LatentDownsampleFactor
Gets or sets the latent downsampling factor.
public int LatentDownsampleFactor { get; set; }
Property Value
Remarks
How much the VAE compresses the spectrogram spatially. Default of 4 provides good compression/quality trade-off.
MaxDurationSeconds
Gets or sets the maximum duration in seconds.
public double MaxDurationSeconds { get; set; }
Property Value
Remarks
AudioLDM can generate up to 30 seconds of audio. Longer durations require more memory and compute time.
MaxTextLength
Gets or sets the maximum text sequence length.
public int MaxTextLength { get; set; }
Property Value
ModelSize
Gets or sets the model size variant.
public AudioLDMModelSize ModelSize { get; set; }
Property Value
Remarks
Different sizes trade off quality vs speed. Default is Base which balances both well.
NumInferenceSteps
Gets or sets the number of diffusion steps.
public int NumInferenceSteps { get; set; }
Property Value
Remarks
More steps = higher quality but slower generation: - 25 steps: Fast, lower quality - 50 steps: Good balance (default) - 100+ steps: Best quality, slow
NumMelBins
Gets or sets the number of mel spectrogram bins.
public int NumMelBins { get; set; }
Property Value
Remarks
Standard AudioLDM uses 64 mel bins. Higher values capture more spectral detail.
OnnxOptions
Gets or sets the ONNX execution options.
public OnnxModelOptions OnnxOptions { get; set; }
Property Value
SampleRate
Gets or sets the output sample rate in Hz.

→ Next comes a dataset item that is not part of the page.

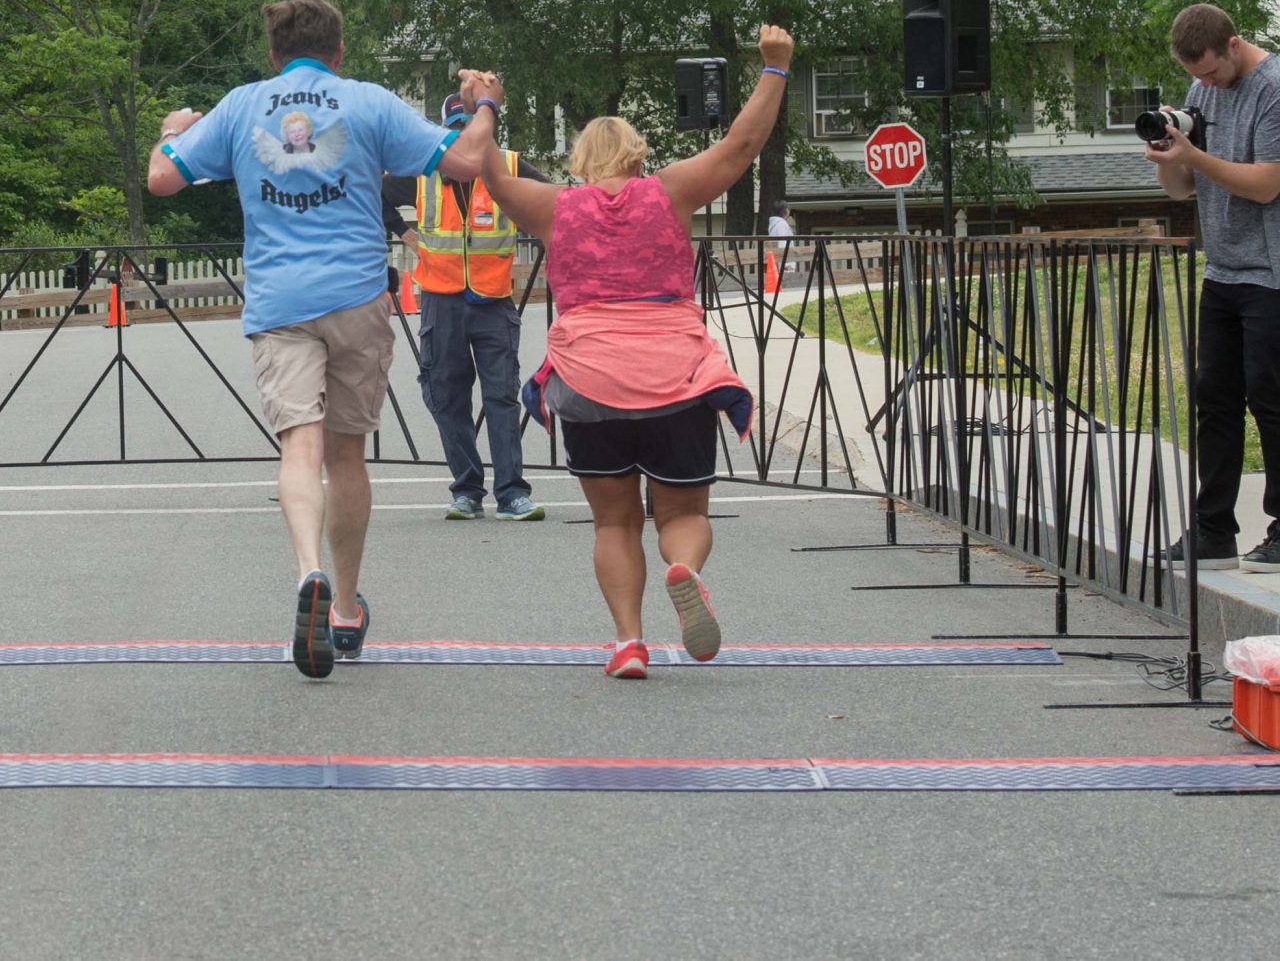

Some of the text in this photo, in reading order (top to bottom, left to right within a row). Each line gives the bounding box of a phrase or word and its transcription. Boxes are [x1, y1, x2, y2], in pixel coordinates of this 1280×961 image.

[265, 90, 340, 116] Jean's
[869, 141, 922, 171] STOP
[260, 175, 347, 214] Angels!

public int SampleRate { get; set; }
Property Value
Remarks
AudioLDM uses 16kHz by default for speech/environmental sounds. Can be set to 48kHz for higher quality music generation.
Seed
Gets or sets the random seed for reproducibility.
public int? Seed { get; set; }
Property Value
- int?
Remarks
Set to a specific value to generate the same audio each time. Null for random generation.
Stereo
Gets or sets whether to generate stereo audio.

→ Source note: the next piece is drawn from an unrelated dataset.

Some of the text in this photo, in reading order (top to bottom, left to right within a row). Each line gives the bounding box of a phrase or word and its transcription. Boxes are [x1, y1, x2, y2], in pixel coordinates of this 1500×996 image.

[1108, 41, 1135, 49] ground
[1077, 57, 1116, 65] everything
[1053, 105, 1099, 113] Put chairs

public bool Stereo { get; set; }
Property Value
Remarks
When true, generates two-channel stereo output. Mono output is duplicated to stereo for compatibility.
UNetPath
Gets or sets the path to the U-Net denoiser ONNX model.
public string? UNetPath { get; set; }
Property Value
VaePath
Gets or sets the path to the VAE ONNX model.
public string? VaePath { get; set; }
Property Value
VocoderPath
Gets or sets the path to the HiFi-GAN vocoder ONNX model.
public string? VocoderPath { get; set; }
Property Value
WindowSize
Gets or sets the FFT window size.
public int WindowSize { get; set; }